Stored dataset items
========================================

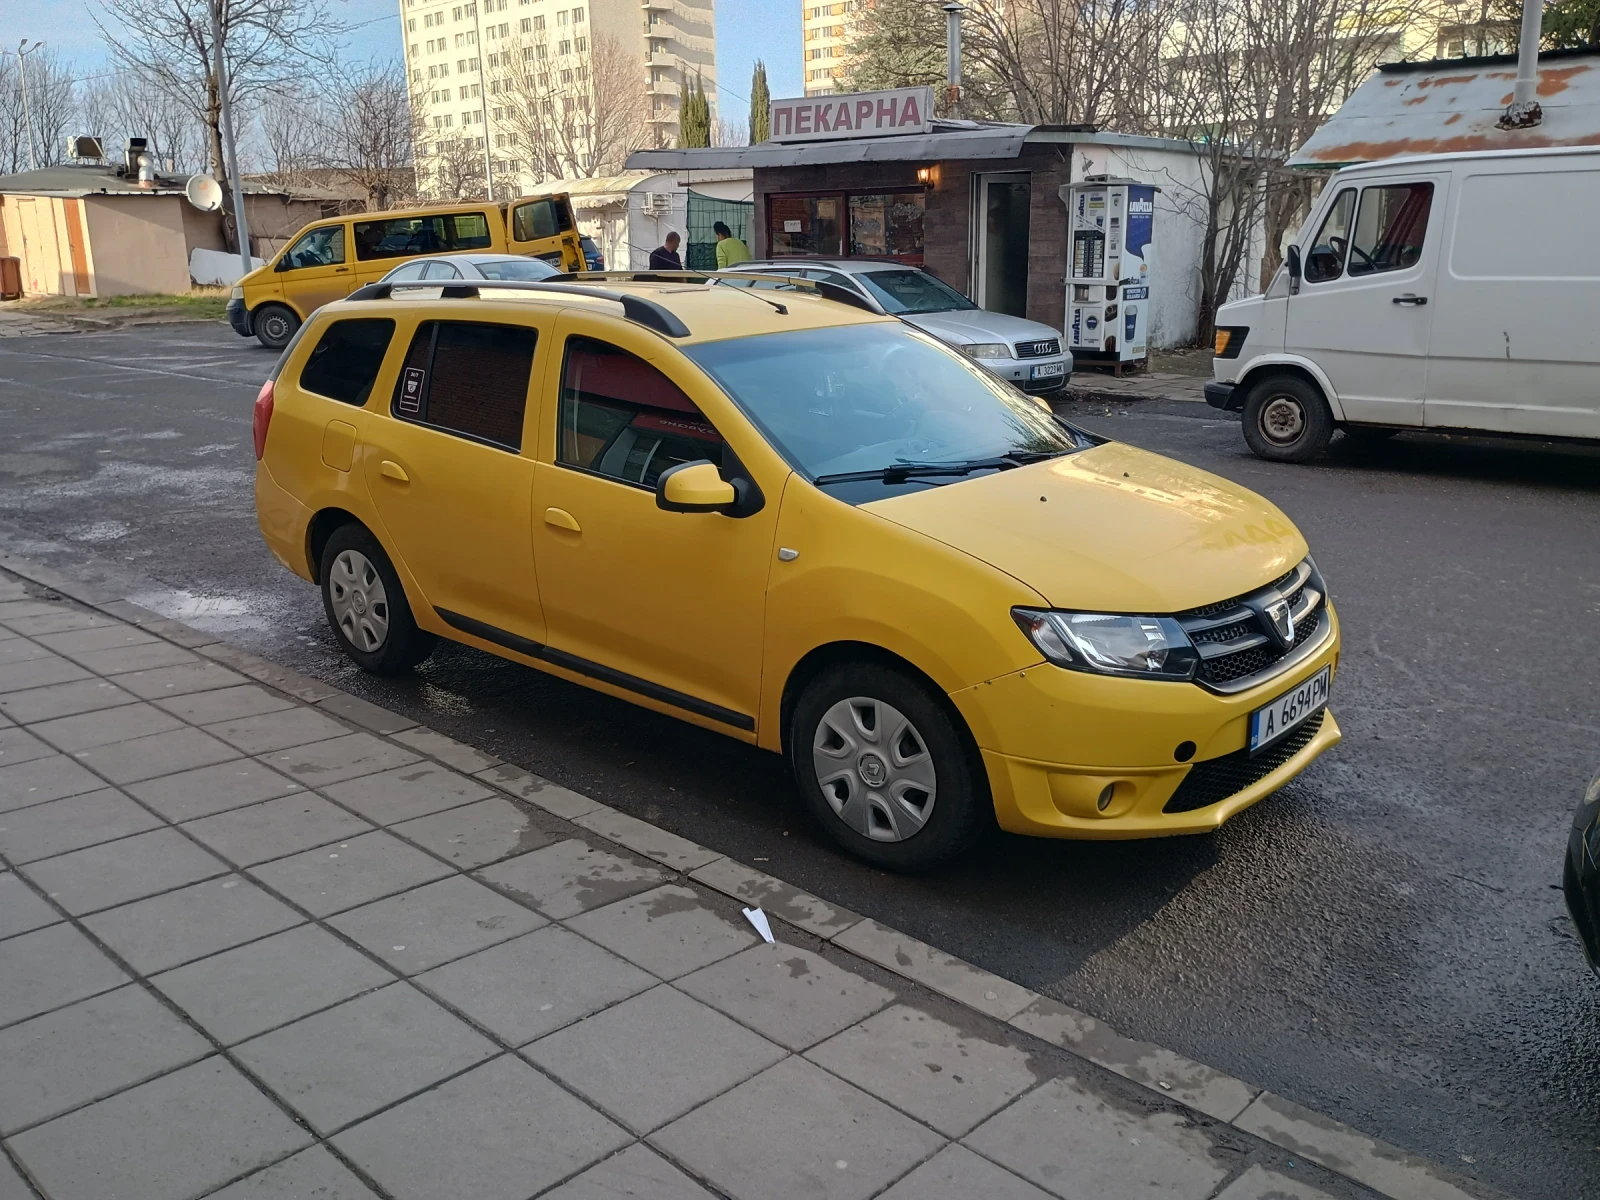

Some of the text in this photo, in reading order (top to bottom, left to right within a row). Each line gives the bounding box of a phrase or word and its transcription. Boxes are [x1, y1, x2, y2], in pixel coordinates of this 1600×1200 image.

[773, 96, 921, 136] ПЕКАРНА
[1128, 197, 1153, 213] LAVAZZA
[1072, 308, 1081, 345] LAVAZZA
[1265, 708, 1274, 738] A
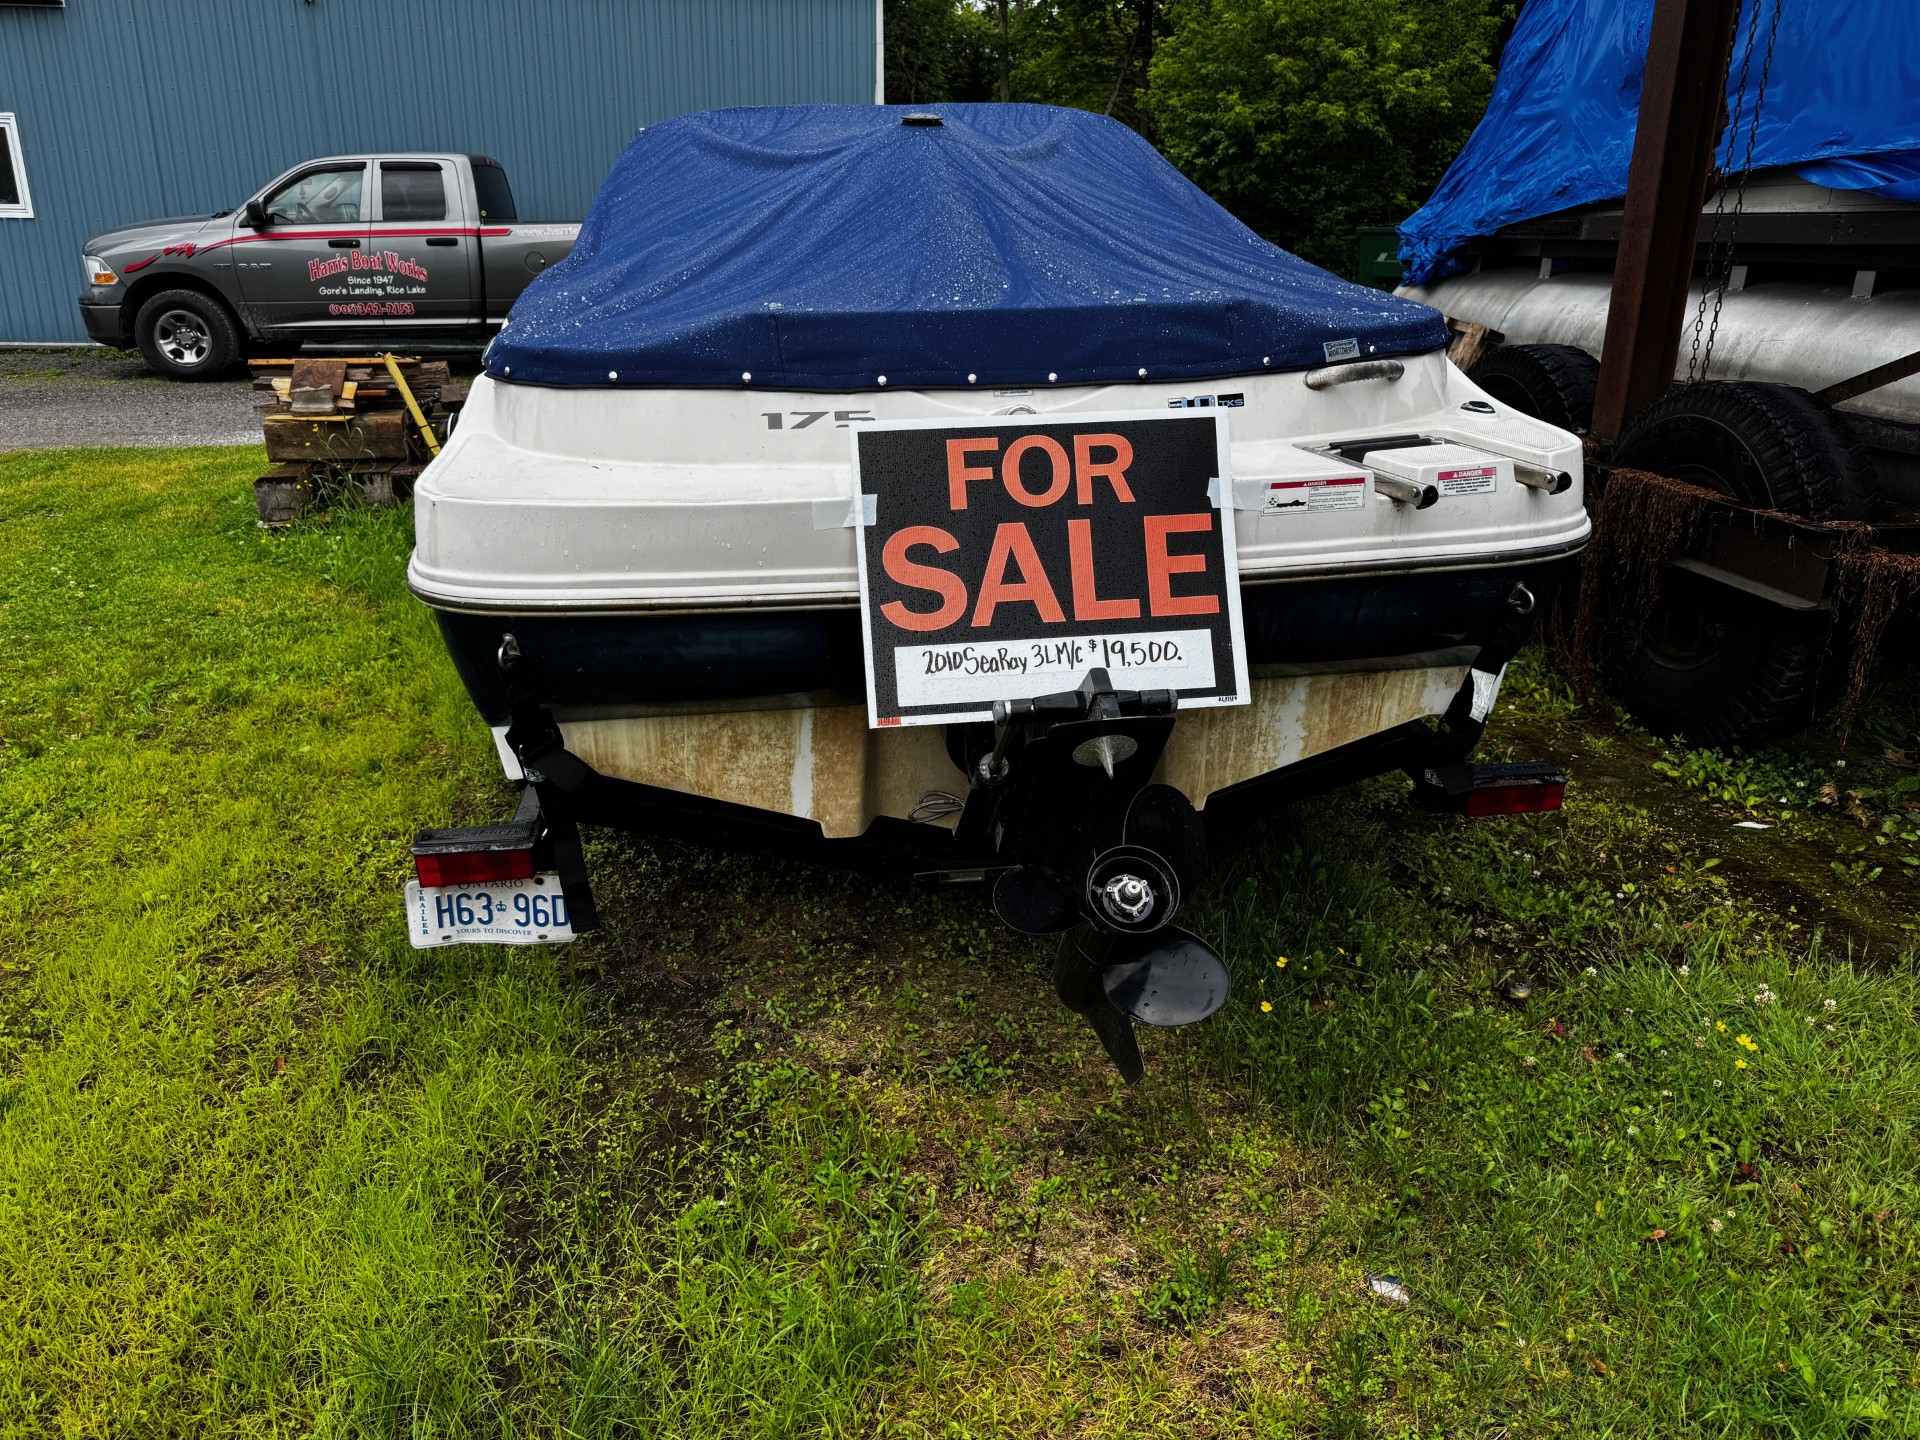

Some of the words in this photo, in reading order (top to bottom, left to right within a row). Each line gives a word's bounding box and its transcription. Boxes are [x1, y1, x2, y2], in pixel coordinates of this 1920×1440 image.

[308, 253, 348, 281] Harris
[350, 249, 383, 270] Boat
[384, 250, 428, 282] Works
[319, 286, 347, 295] Gore's
[349, 287, 385, 296] Landing,
[386, 286, 404, 294] Rice
[406, 285, 426, 294] Lake
[347, 276, 371, 285] Since
[373, 275, 393, 284] 1947
[760, 410, 876, 430] 175
[946, 432, 1136, 511] FOR
[1458, 469, 1483, 478] DANGER
[879, 512, 1220, 632] SALE
[417, 889, 430, 936] TRAILER
[435, 893, 494, 929] H63
[513, 893, 570, 928] 96D
[456, 927, 481, 935] YOURS
[496, 928, 532, 936] DISCOVER
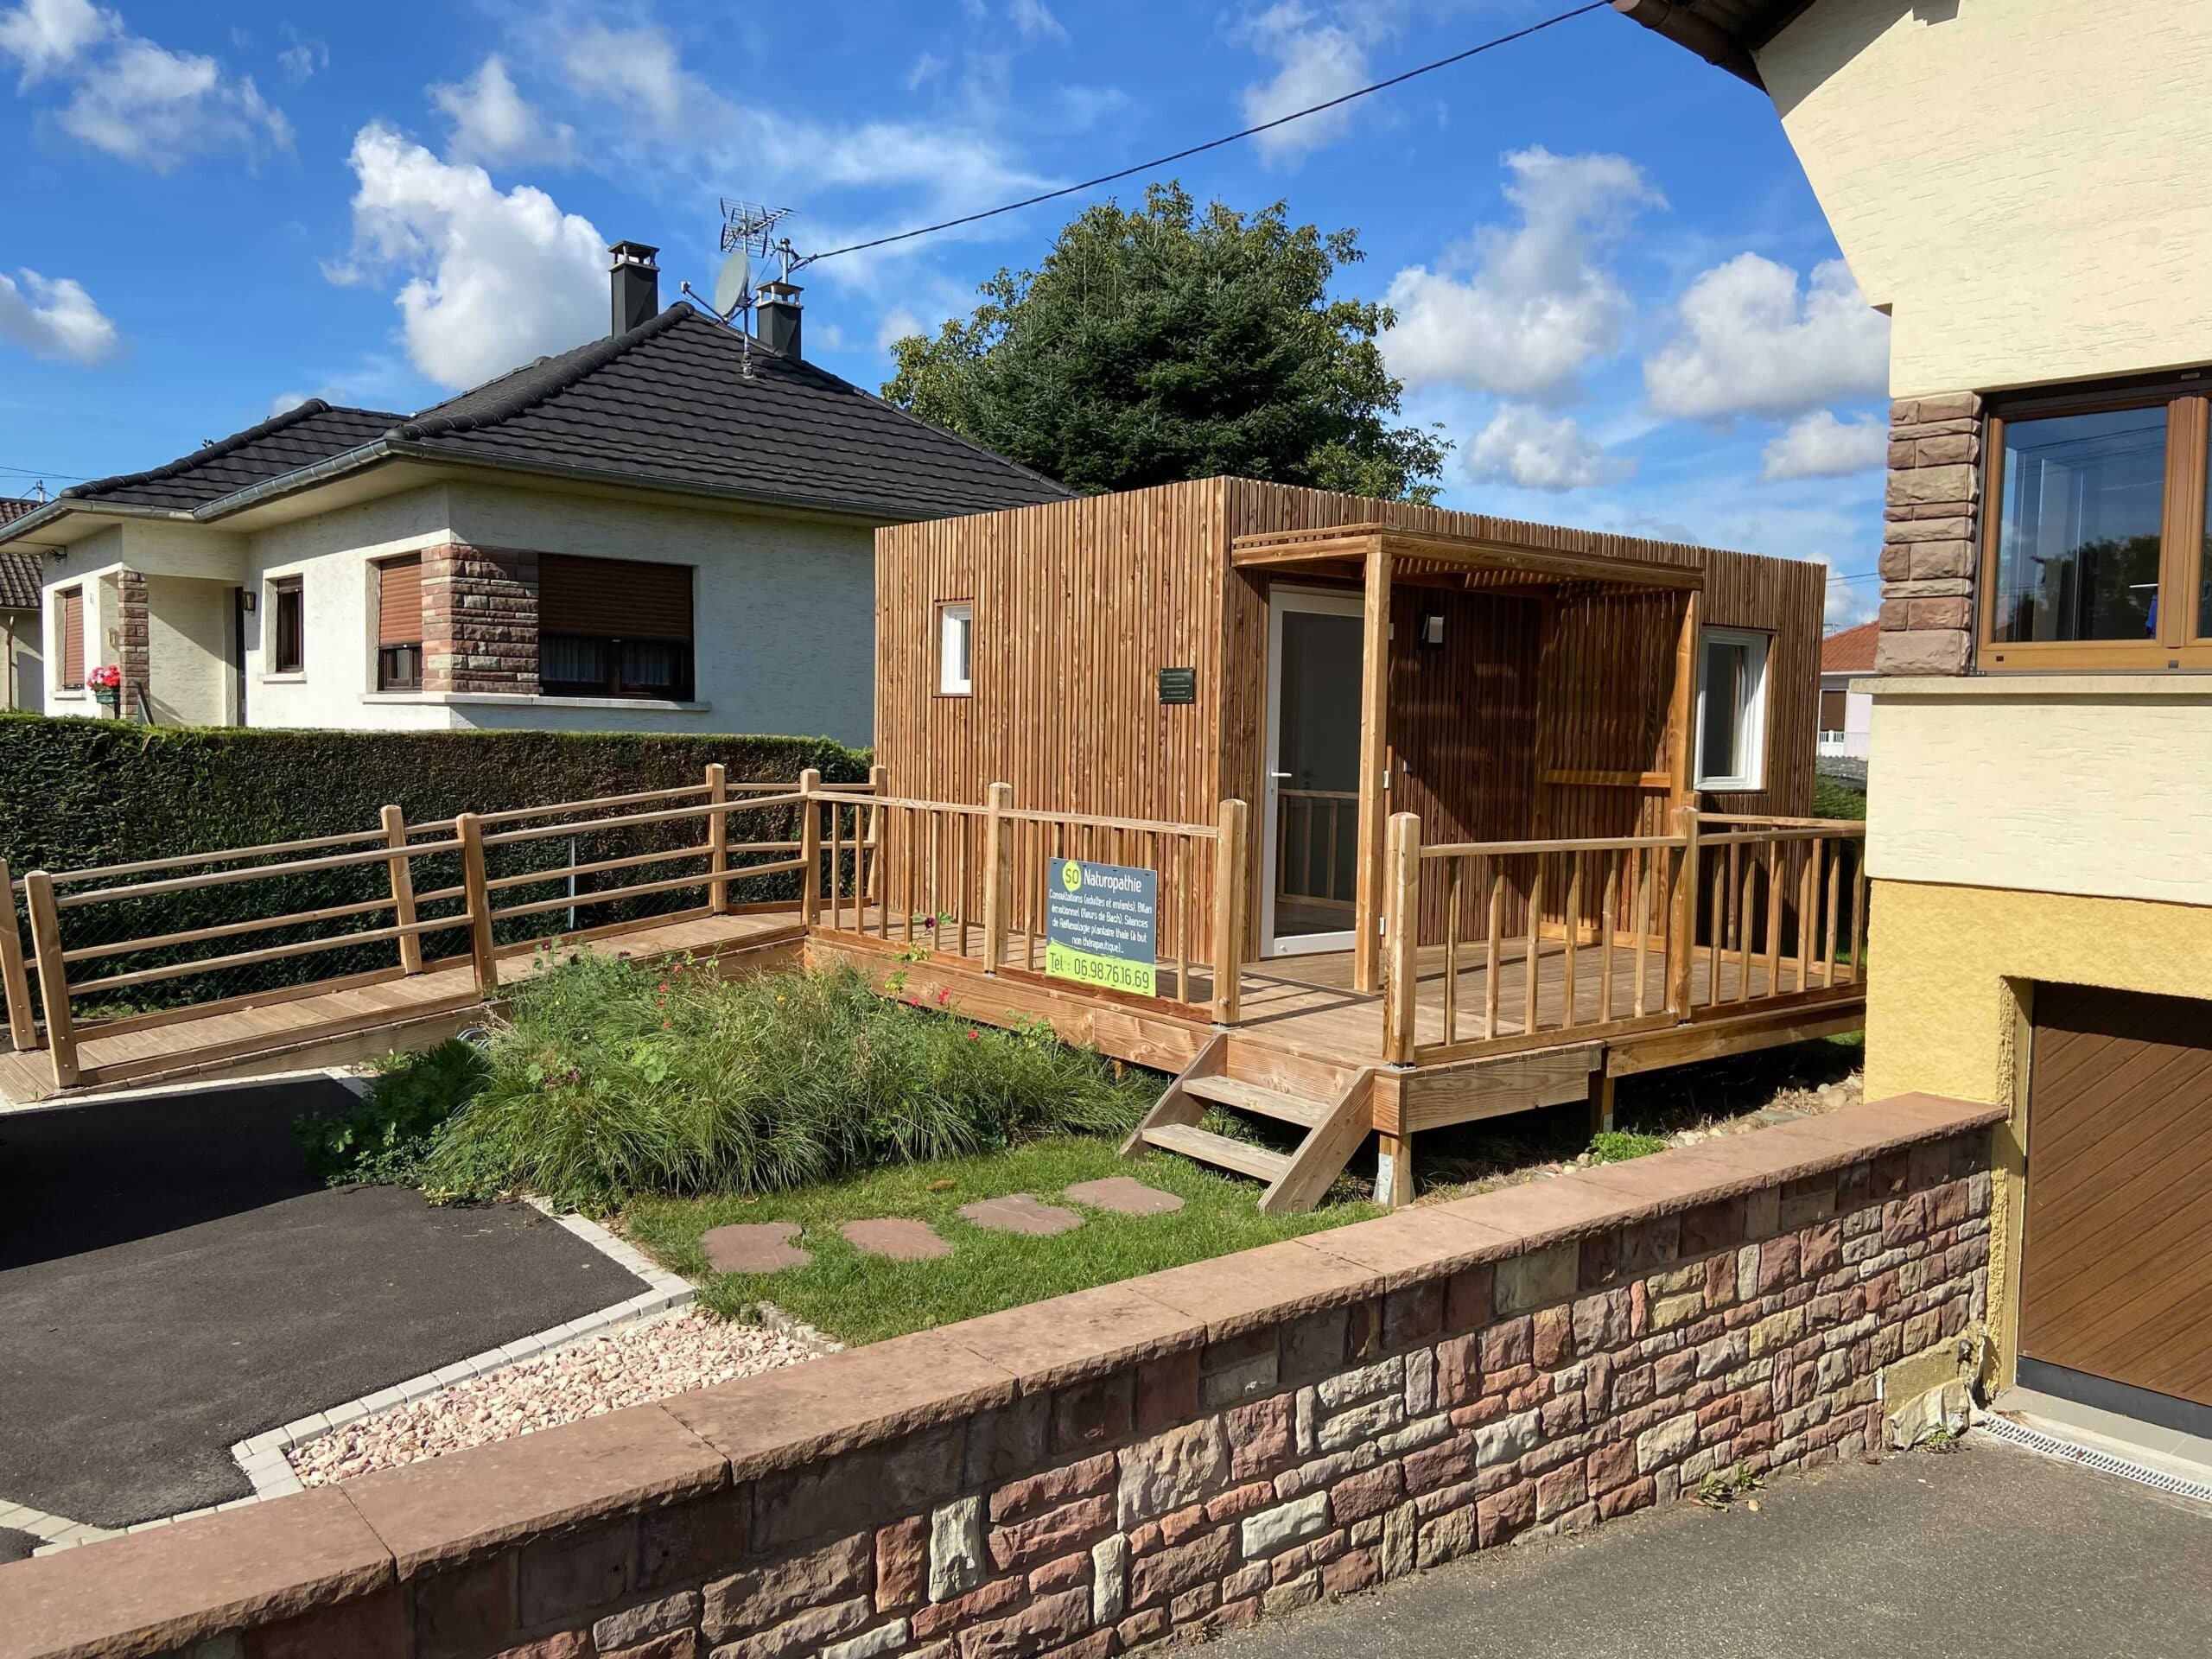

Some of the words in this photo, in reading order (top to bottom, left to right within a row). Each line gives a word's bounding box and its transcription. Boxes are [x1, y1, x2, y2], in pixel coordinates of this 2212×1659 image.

[1065, 868, 1079, 884] SO
[1084, 868, 1141, 893] Naturopathie
[1048, 888, 1084, 904] Consultations
[1106, 899, 1112, 908] et
[1137, 901, 1153, 914] Bilan
[1052, 916, 1059, 927] de
[1091, 924, 1115, 938] plantaire
[1136, 931, 1147, 944] but
[1098, 911, 1106, 921] de
[1124, 914, 1148, 929] Séances
[1071, 937, 1083, 946] non
[1074, 958, 1149, 989] 06.98.76.16.69

========================================

▶ _What the task asks_
The records need to be restated word for word, minus any images.

▶ _Problem solution_
Some of the text in this photo, in reading order (top to bottom, left to right within a row). Each line gives the bounding box of a phrase or word and its transcription. Boxes are [x1, y1, x2, y2], in pixel coordinates of this 1600×1200 image.

[773, 96, 921, 136] ПЕКАРНА
[1128, 197, 1153, 213] LAVAZZA
[1072, 308, 1081, 345] LAVAZZA
[1265, 708, 1274, 738] A

Some of the words in this photo, in reading order (top to bottom, left to right within a row). Each line gives a word's bounding box and its transcription. Boxes are [x1, y1, x2, y2], in pixel coordinates of this 1920×1440 image.

[308, 253, 348, 281] Harris
[350, 249, 383, 270] Boat
[384, 250, 428, 282] Works
[319, 286, 347, 295] Gore's
[349, 287, 385, 296] Landing,
[386, 286, 404, 294] Rice
[406, 285, 426, 294] Lake
[347, 276, 371, 285] Since
[373, 275, 393, 284] 1947
[760, 410, 876, 430] 175
[946, 432, 1136, 511] FOR
[1458, 469, 1483, 478] DANGER
[879, 512, 1220, 632] SALE
[417, 889, 430, 936] TRAILER
[435, 893, 494, 929] H63
[513, 893, 570, 928] 96D
[456, 927, 481, 935] YOURS
[496, 928, 532, 936] DISCOVER

Some of the words in this photo, in reading order (top to bottom, left to right within a row). Each line gives a word's bounding box and its transcription. Boxes are [x1, y1, x2, y2], in pixel coordinates of this 2212×1659 image.

[1065, 868, 1079, 884] SO
[1084, 868, 1141, 893] Naturopathie
[1048, 888, 1084, 904] Consultations
[1106, 899, 1112, 908] et
[1137, 901, 1153, 914] Bilan
[1052, 916, 1059, 927] de
[1091, 924, 1115, 938] plantaire
[1136, 931, 1147, 944] but
[1098, 911, 1106, 921] de
[1124, 914, 1148, 929] Séances
[1071, 937, 1083, 946] non
[1074, 958, 1149, 989] 06.98.76.16.69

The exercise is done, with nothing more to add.